**Exercise objective:** Without any images, output the records below verbatim.

**Record extracts:**
- Opening Delimiter -

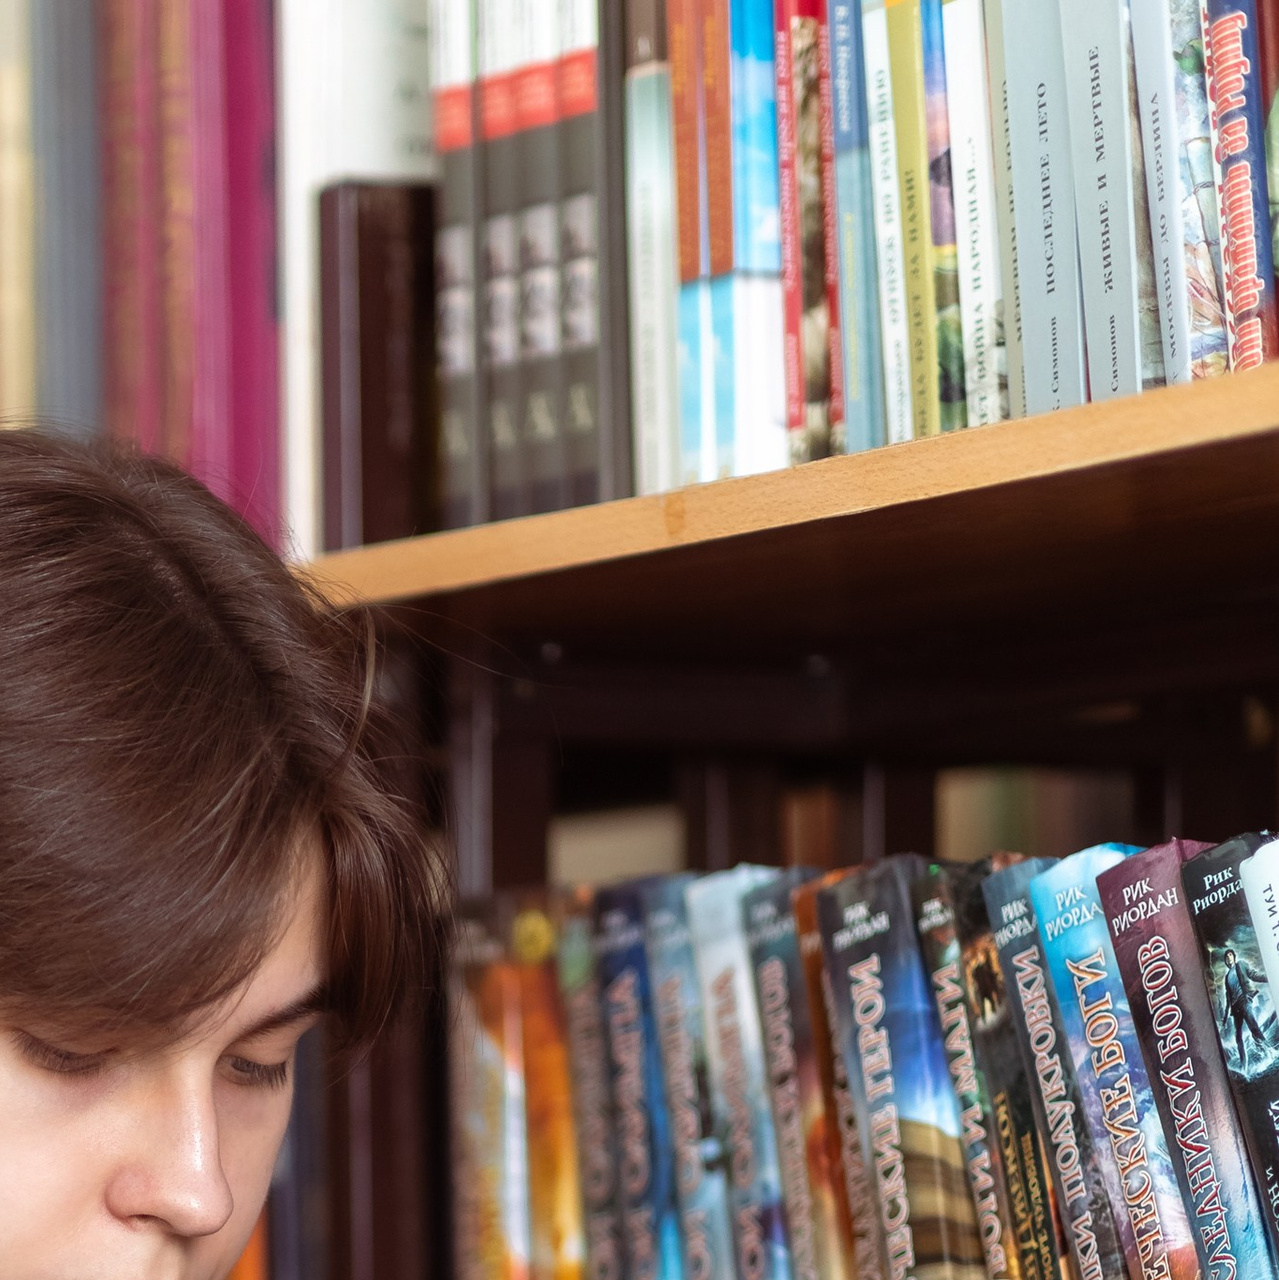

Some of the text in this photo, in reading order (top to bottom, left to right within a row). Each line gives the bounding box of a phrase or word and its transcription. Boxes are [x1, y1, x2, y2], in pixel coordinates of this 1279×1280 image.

[1036, 81, 1061, 395] Симонов ПОСЛЕДНЕЕ ЛЕТО
[1088, 46, 1121, 393] Симонов ЖИВЫЕ И МЕРТВЫЕ
[1150, 91, 1178, 360] МОСКВЫ ДО БЕРЛИНА
[972, 302, 988, 380] ВОЙНА
[1000, 898, 1030, 922] РИК
[1055, 883, 1088, 911] РИК
[1111, 887, 1180, 937] РИОРДАН
[1122, 877, 1154, 906] РИК
[1192, 879, 1244, 916] Риорда
[1203, 866, 1234, 891] Рик
[848, 953, 895, 1102] ГЕРОИ
[931, 962, 980, 1096] МАГИ
[1066, 946, 1126, 1079] БОГИ
[1137, 935, 1189, 1064] БОГОВ
[958, 1102, 988, 1147] И
[1012, 944, 1086, 1207] ПОЛУКРОВКИ

- Closing Delimiter -

**Solved exercise:**
Some of the text in this photo, in reading order (top to bottom, left to right within a row). Each line gives the bounding box of a phrase or word and its transcription. Boxes are [x1, y1, x2, y2], in pixel coordinates of this 1279×1280 image.

[1036, 81, 1061, 395] Симонов ПОСЛЕДНЕЕ ЛЕТО
[1088, 46, 1121, 393] Симонов ЖИВЫЕ И МЕРТВЫЕ
[1150, 91, 1178, 360] МОСКВЫ ДО БЕРЛИНА
[972, 302, 988, 380] ВОЙНА
[1000, 898, 1030, 922] РИК
[1055, 883, 1088, 911] РИК
[1111, 887, 1180, 937] РИОРДАН
[1122, 877, 1154, 906] РИК
[1192, 879, 1244, 916] Риорда
[1203, 866, 1234, 891] Рик
[848, 953, 895, 1102] ГЕРОИ
[931, 962, 980, 1096] МАГИ
[1066, 946, 1126, 1079] БОГИ
[1137, 935, 1189, 1064] БОГОВ
[958, 1102, 988, 1147] И
[1012, 944, 1086, 1207] ПОЛУКРОВКИ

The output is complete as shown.